My overall experience in grad school was the most difficult thing I’ve ever gone through in my life. I remember thinking “I’m not going to make it to the end.” There’s a scene in the Lord of the Rings movies where Sam and Frodo get to the Black Gate of Mordor. They think, “we’ve gone through this long journey and now we’re at this gate, but there’s no way in.” I felt like that at points in grad school, where the gate was between me and graduation. I felt like there was no way I could ever get there. But I remember, you find a way around and get through it. In grad school, you’re taking some of the smartest people in the world and putting them in one place, and that’s a difficult thing to deal with if you’ve always felt like you were a smart person without really trying, or even if you have to try, but now it gets stepped up—this is a very elite environment to be around. For a lot of students, they let that pressure get to them, and they see it as a competition with other students. I want my students to not have to go through that. Instead, I want them to have the good experience that I also had in doing the work, and hopefully if they do that here in a safe place they build up their confidence to the point where when they get to grad school, it won’t be as challenging for them.
We hear you used to rap! How did you get into music?
I started doing music when I was in high school, and this became a really big hobby for me when I was in undergrad, and after I graduated. I was teaching myself music production, sound engineering. I had a small business that I ran out of my house. I built a recording studio, and I would record and produce for local acts here in the Inland Empire. It was a good side hustle in college. For myself, I produced three albums worth of material, and I stopped actively doing music about the same time when I went back to grad school for the first time. I realized I couldn’t do both really well, and I chose to do the machine learning thing. Now, I have small kids and I spend all my free time with them. When they get older, I’m hoping I’ll be able to go back to it as a hobby. Occasionally, I beatbox with my kids, and sometimes I freestyle with them, although it’s silly since they’re all little.

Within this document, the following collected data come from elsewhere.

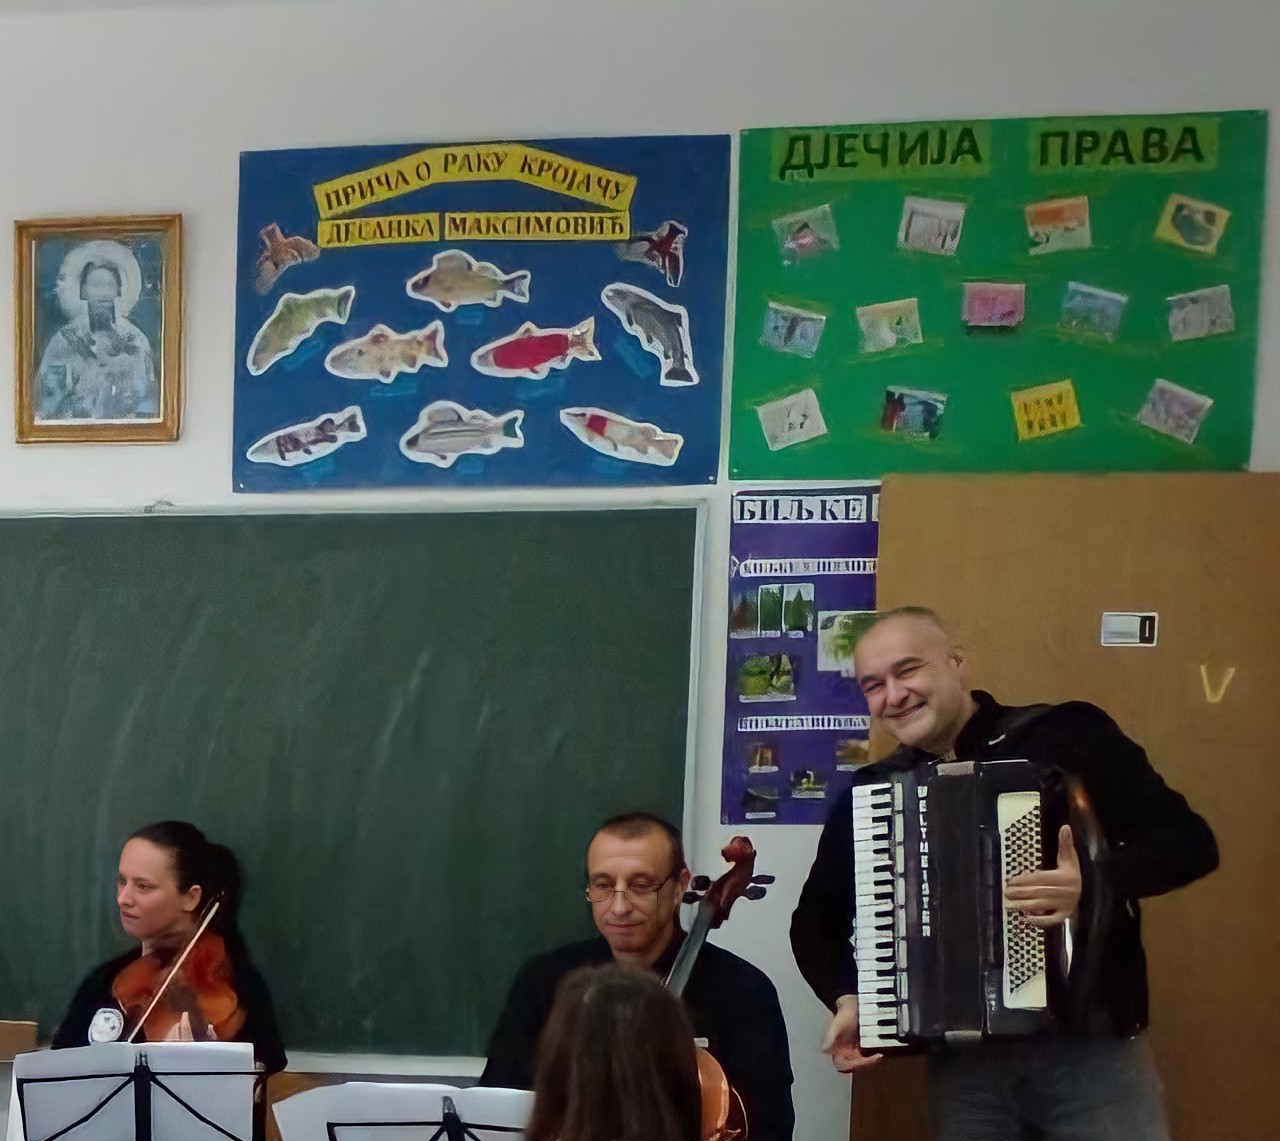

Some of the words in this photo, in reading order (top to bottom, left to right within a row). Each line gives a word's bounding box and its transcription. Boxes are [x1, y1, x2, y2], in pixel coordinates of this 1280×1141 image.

[779, 127, 983, 180] ДЈЕЧИЈА
[1038, 126, 1205, 167] ПРАВА
[325, 168, 410, 211] ПРИЧА
[415, 161, 432, 183] О
[444, 151, 510, 174] РАКУ
[520, 154, 629, 201] КРОЈАЧУ
[326, 217, 436, 244] ДЕСАНКА
[447, 214, 625, 237] МАКСИМОВИЋ

What’s your favorite food at the Hoch?
Mac n’ cheese bar! They don’t have it that often, so when they do it’s a special thing. The regular thing they have that I like is pho, but the line is kind of crazy long, so unless I get there in time, sometimes I have to miss out.
Any last things you want the Mudd community to know about yourself?
I guess one thing I would like them to know is that if you’re a student here at Mudd, and you haven’t had a chance to take a class with me or get to know me, I’m still more than happy to get to know you. I think that this is one thing that surprises some students. If you see me eating by myself in the Hoch, then you can come sit with me and we can chat!